Molecular basis of very long-chain unsaturated fatty acids biosynthesis

We performed profiles during kernel development from 50 to 86 DAF to investigate the characteristics of fatty acid composition in yellowhorn kernels. The seed oil accumulation increased rapidly from 50 to 68 DAF and reached content of 54.43% at 68 DAF (Supplementary Figure 3). Fatty acid profiling identified 12 components in kernels (Figure 3A and Supplementary Table 13). The results showed a difference in the content of different fatty acids at different time points (Figure 3A). Among these fatty acids, linoleic acid (42.24–53.48%) and oleic acid (21.73–28.08%) were the major components, whereas arachidic acid took the lowest proportion (0.20–0.34%). Nervonic and erucic acid accumulated significantly from 50 to 68 DAF and reached 4.07 and 10.41%, respectively.

FIGURE 3

Based on the nervonic and erucic acid accumulation during the yellowhorn kernel development period, the kernel at 50, 56, 62, 68, and 74 DAF were selected for transcriptomic analysis to elucidate the genetic mechanism underlying the biosynthesis of nervonic and erucic acid. Compared with 50 DAF, 165, 229, 212, and 247 differentially expressed lipid genes (DELGs) were identified at 56, 62, 68, and 74 DAF, respectively (Supplementary Figure 4 and Supplementary Table 14). Gene functional enrichment analysis showed that the DELGs were enriched in organic acid biosynthetic and metabolic processes, fatty acid biosynthesis and metabolism, biosynthesis of unsaturated fatty acids, and fatty acid elongation (Supplementary Figure 5 and Supplementary Table 15). Fifty-three members of the DELGs were involved in VLCFAs biosynthesis (Supplementary Table 16). Nervonic acid is biosynthesized from oleyl-CoA (C18:1-CoA) by four successive enzymatic reactions at the ER catalyzed by KCS, KCR, HCD, and ECR, respectively. The DELGs contained 5 KCSs, one KCR, one HCD, and one ECR (Figure 3B and Supplementary Table 16). Four genes were significantly upregulated (P-value < 0.05) at 56, 62, 68, and 74 DAF compared with 50 DAF. Notably, the transcription level of XS04G00959, which encodes one KCS, was highly expressed at 56 (17.15-fold), 62 (13.00-fold), 68 (36.76-fold), and 74 (32.00-fold) DAF compared with 50 DAF, which was consistent with the accumulation of nervonic and erucic acid (Figure 3B and Supplementary Table 16), suggesting that XS04G00959 played essential roles in the biosynthesis of nervonic and erucic acid.

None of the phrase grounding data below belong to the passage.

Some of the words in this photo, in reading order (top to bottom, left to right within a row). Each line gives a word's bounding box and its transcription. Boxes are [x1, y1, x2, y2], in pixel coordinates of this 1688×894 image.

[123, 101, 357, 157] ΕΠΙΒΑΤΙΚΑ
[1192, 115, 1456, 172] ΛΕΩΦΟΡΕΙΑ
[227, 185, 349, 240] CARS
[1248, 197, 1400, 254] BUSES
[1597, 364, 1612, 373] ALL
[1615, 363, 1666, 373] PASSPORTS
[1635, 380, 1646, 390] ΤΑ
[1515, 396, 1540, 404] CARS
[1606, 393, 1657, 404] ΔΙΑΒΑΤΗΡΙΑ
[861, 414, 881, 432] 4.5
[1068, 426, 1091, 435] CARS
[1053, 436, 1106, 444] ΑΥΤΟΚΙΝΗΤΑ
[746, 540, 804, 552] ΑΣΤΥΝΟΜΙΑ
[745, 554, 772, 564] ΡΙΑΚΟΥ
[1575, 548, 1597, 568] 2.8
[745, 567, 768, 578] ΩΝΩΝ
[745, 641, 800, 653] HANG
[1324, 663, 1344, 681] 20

Analysis of ankyrin repeat gene family

ANK genes play crucial roles in biotic or abiotic stress responses (Becerra et al., 2004; Huang et al., 2009), the most prominent expanded gene families in yellowhorn genome assembly. To explore the potential roles of the ANK family in environmental adaptation in yellowhorn, the characteristics of ANK genes were analyzed. The results showed that the ANKs family in yellowhorn expanded to 132 members, which were further clustered into six distinct groups based on phylogenetic analysis (Figure 4A). The ANK genes were distributed across all the 15 pseudochromosomes, with 14 and 11 genes organized in tandem arrays on pseudochromosome 14 and 12 (Figure 4B). The previous published transcriptomic datasets were re-analyzed to determine the expression patterns of ANKs responding to abiotic stress. The results indicated that 53 ANK genes were significantly differentially expressed under cold, salt, or saline-alkali stresses (Figure 4C and Supplementary Table 17). Of them, six members, including XS01G01803 [accelerated cell death 6 (ACD6)], XS04G00500 [ankyrin repeat-containing protein ITN1 (ITN1)], XS14G00504, XS11G01175, XS08G00278, and XS01G03358 were significantly differentially expressed under cold stress. XS04G00933 (ACD6) was significantly upregulated after 4 and 24 h exposure to salt stress. Both cold and saline-alkali stresses significantly induced the expression of XS04G00500 (ITN1). These results suggested that ACD6 and ITN1 were related to different abiotic stresses response in yellowhorn.

FIGURE 4

Discussion

High-quality genome assembly is of vital importance for biological studies and breeding applications. The yellowhorn genome assemblies have been reported previously by other teams and us (Bi et al., 2019; Liang et al., 2019; Liu H. et al., 2021). This study reconstructed the yellowhorn cultivar ‘Shanyou 1’ genome at the haplotype-resolved level based on PacBio, Hi-C, and Illumina reads (Chin et al., 2016). Compared with the previous versions, the percentage of contig anchored to the pseudochromosomes, N50 length, and complete BUSCOs were significantly increased. More than 99% of the contigs can be anchored to the pseudochromosomes, 98.7% of BUSCO genes were complete, and more than 99% of the gaps were closed. Therefore, the reassembled genome sequence is of high completeness, accuracy, and continuity and can be used as a reference for studies on genome function and genetic variation.

Our results revealed that LACS, ATP-CL-alpha, and AlcFAR families, which are responsible for fatty acid synthesis, contained more members than those in other VLCFA-producing woody plants, such as A. truncatum and M. oleifera. The LACS family genes have been shown to participate in fatty acid and glycerolipid metabolism (Lü et al., 2009; Zhao et al., 2010, 2019; Jessen et al., 2015). In Brassica napus, LACS2 plays a crucial role in seed oil production (Ding et al., 2020). Arabidopsis LACS4 and LACS9 are involved in the biosynthesis of glycolipids in plastids (Jessen et al., 2015). In the present study, we found that the LACS family expanded to 12 members in yellowhorn. Most of these genes were preferentially expressed at 56 and 62 DAF, suggesting their roles in producing fatty acyl supply flux for fatty acid synthesis (Lin et al., 2018). Moreover, the KCS family expanded to eight members, which fell into four major clades. It has been shown that ectopic expression of Lunaria and Cardamine KCSs in Brassica increased nervonic acid and reduced erucic acid accumulation in the seed oil (Guo et al., 2009; Taylor et al., 2009). Our results showed that two KCSs were significantly upregulated at 56 and 62 DAF, which is consistent with the accumulating stage of nervonic acids, suggesting their regulatory roles in this process.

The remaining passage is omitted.